Recently, Electronic Arts has hired several notable developers to lead its projects. In April last year, the publisher announced that Uncharted writer Amy Hennig had joined EA studio Visceral to work on a new Star Wars game. In July this year, the corporation announced that it had hired Assassin's Creed co-creator Jade Raymond, to lead a new EA studio based in Montreal.

But Moore suggested EA wasn't going to aggressively poach key talent such as Kojima, but instead keep an open-mind should any opportunity come his way. He also added that Kojima is not alone in being a visionary auteur with big ambitions that can potentially lead to milestone and budget problems.

"Clearly, Kojima and Konami are at a rocky stage in their marriage," he said, "but you could take what is said about [Kojima Productions], about a game not adhering to budgets, about a game not being ready, and you could apply that to a lot of people."

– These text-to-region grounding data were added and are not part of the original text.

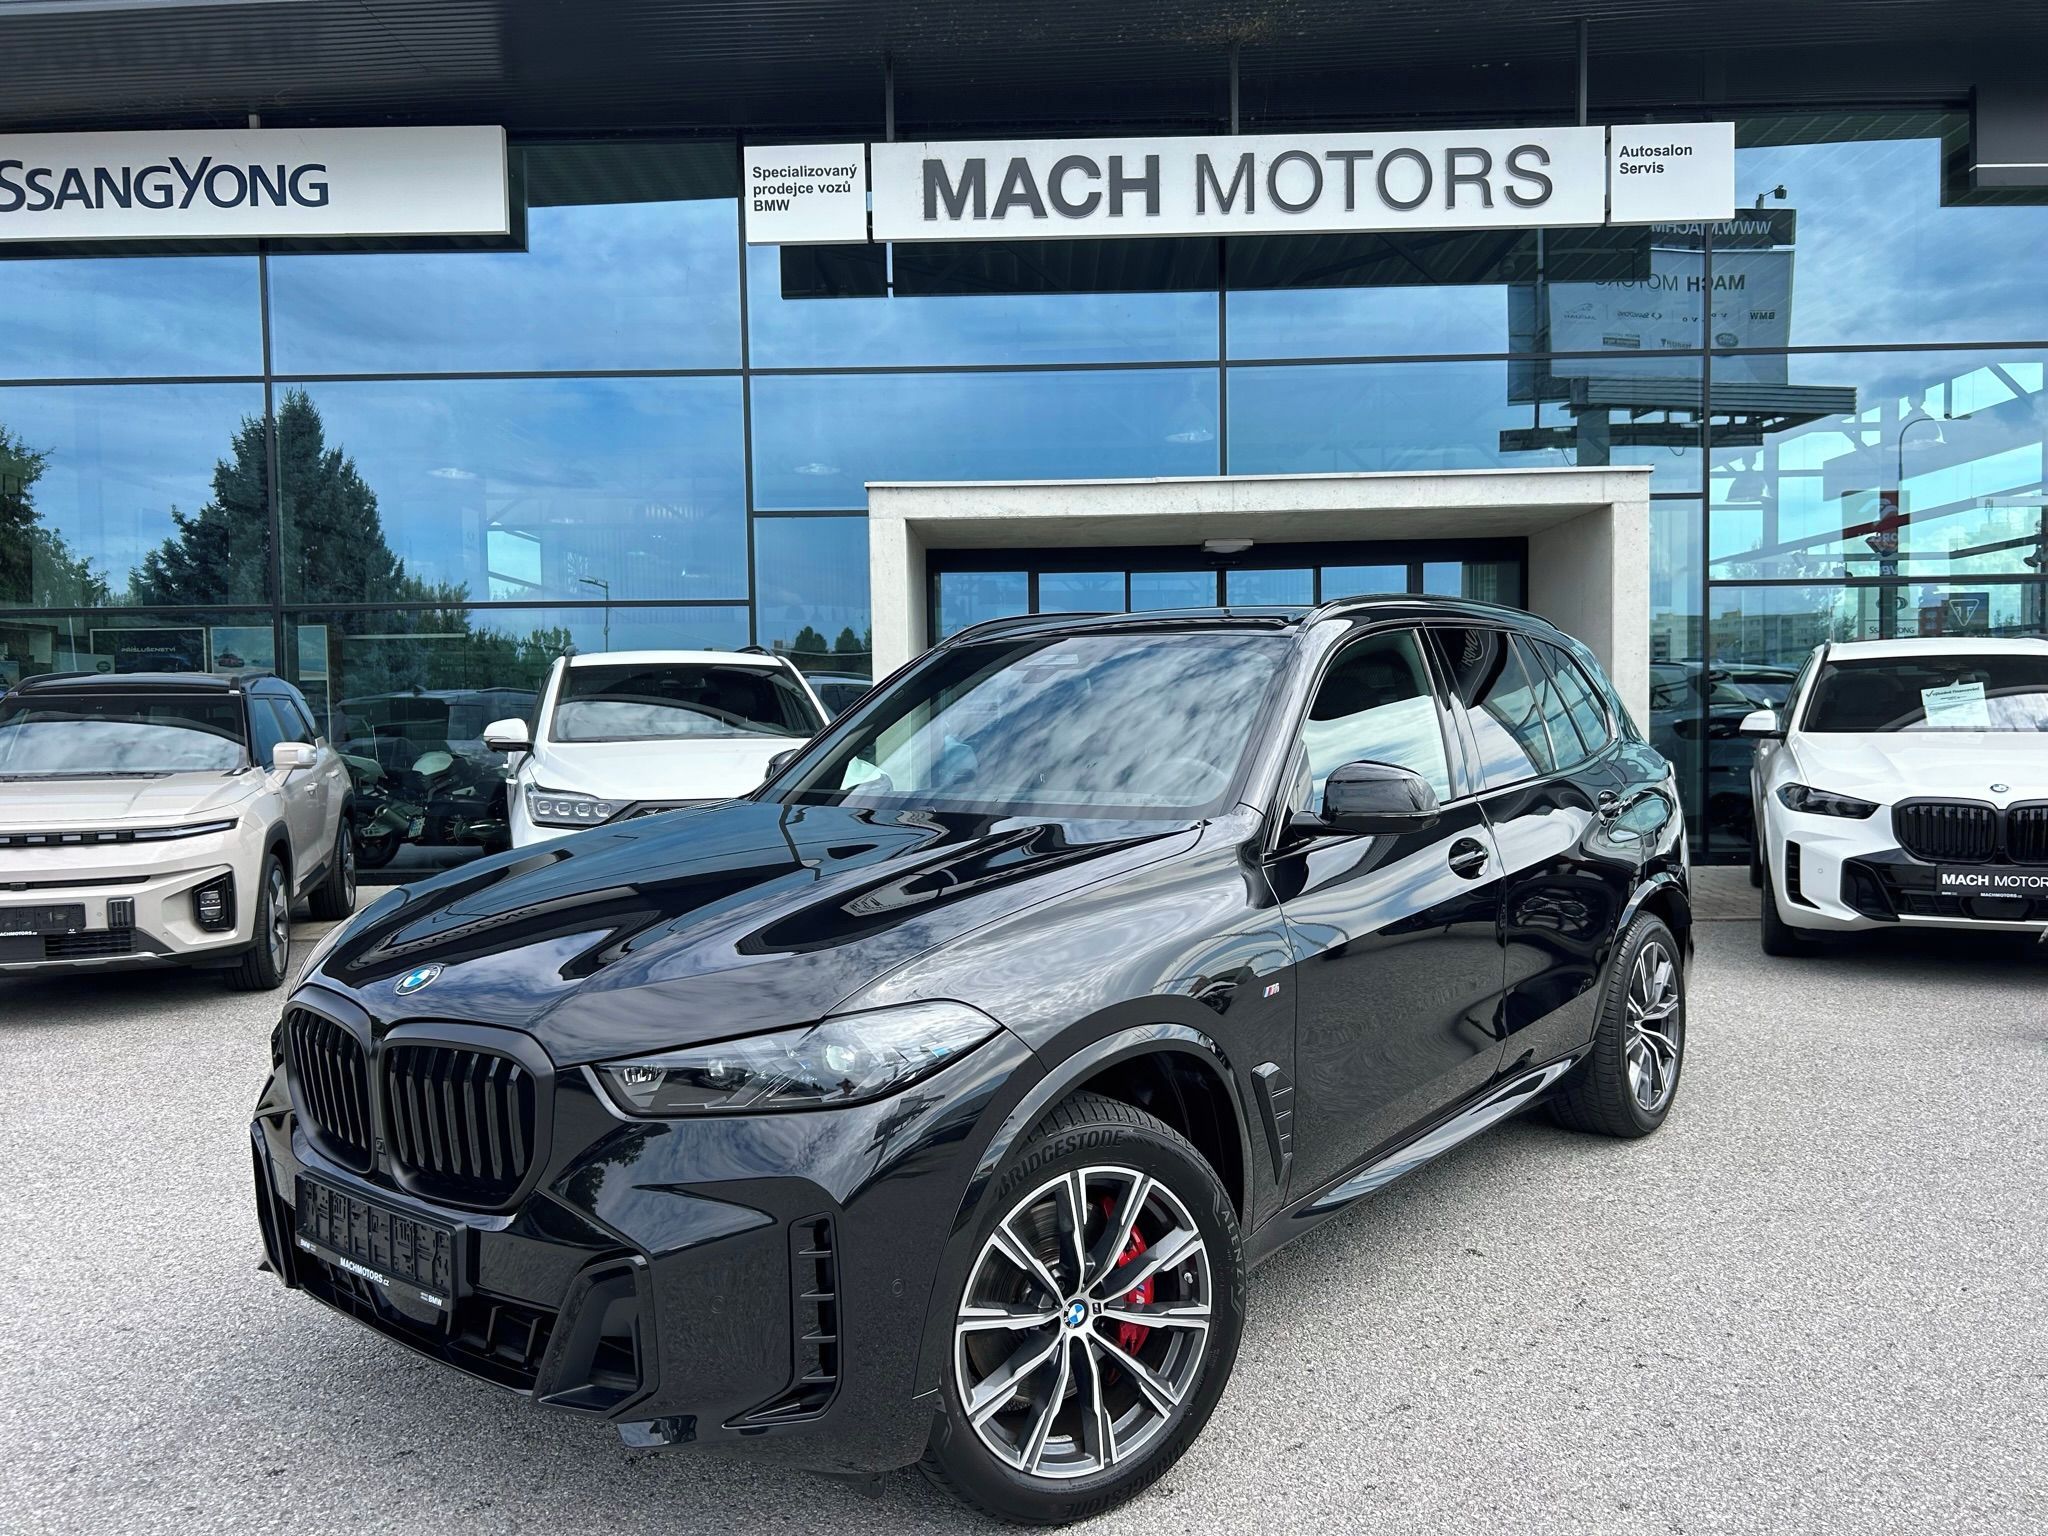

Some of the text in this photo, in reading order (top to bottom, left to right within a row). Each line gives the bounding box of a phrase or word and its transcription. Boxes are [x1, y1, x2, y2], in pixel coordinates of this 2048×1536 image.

[1619, 144, 1693, 158] Autosalon
[752, 164, 857, 181] Specializovaný
[1619, 162, 1665, 174] Servis
[753, 180, 851, 198] prodejce vozů
[922, 144, 1554, 221] MACH MOTORS
[754, 199, 790, 212] BMW
[1941, 873, 1989, 886] MACH
[998, 1129, 1125, 1198] BRIDGESTONE
[1221, 1210, 1245, 1296] ALENZA
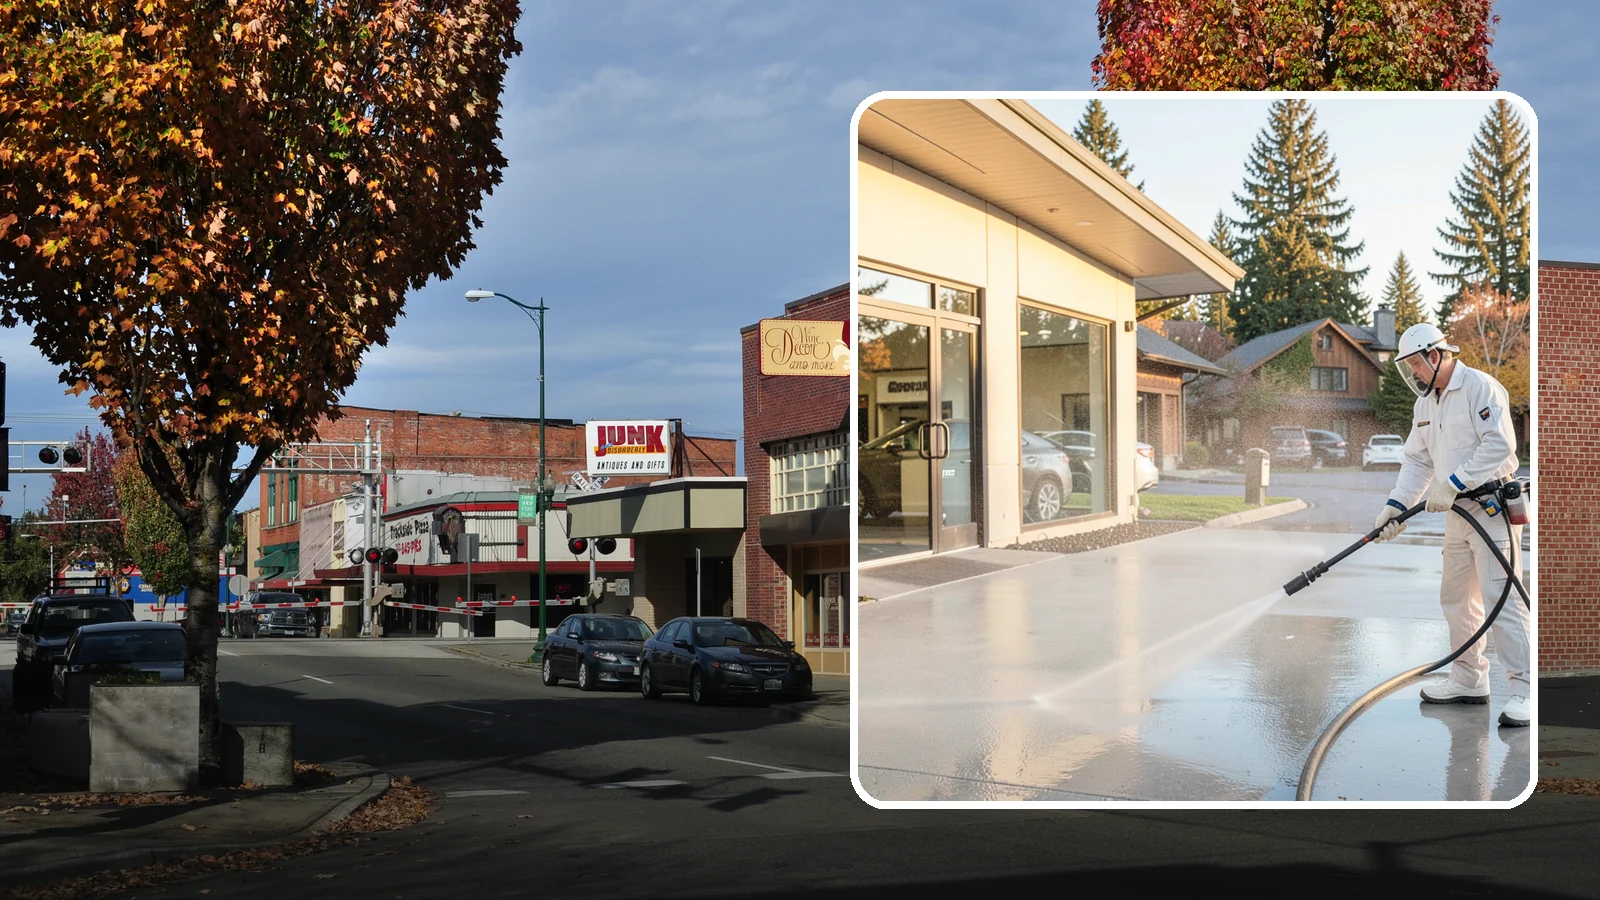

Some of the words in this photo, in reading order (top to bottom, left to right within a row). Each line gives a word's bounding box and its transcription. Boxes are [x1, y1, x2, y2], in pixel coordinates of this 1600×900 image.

He continued: "Any game that isn't iterative in nature the way an EA Sports game is, or any series that doesn't ship every single year... those things can go on forever. There needs to be an agreement between the publisher and developer to make sure that both parties understand when the game is supposed to ship, and what it's supposed to be.

But with regards to Kojima and Konami, they'll kiss and make up. They'll be fine."

Elsewhere in his interview with GameSpot, Moore discusses on-disc DLC conspiracy theories, his views on the lack of single-player in Star Wars Battlefront, and why annually updating EA Sports via download-as opposed to selling boxes each year--would be "nirvana".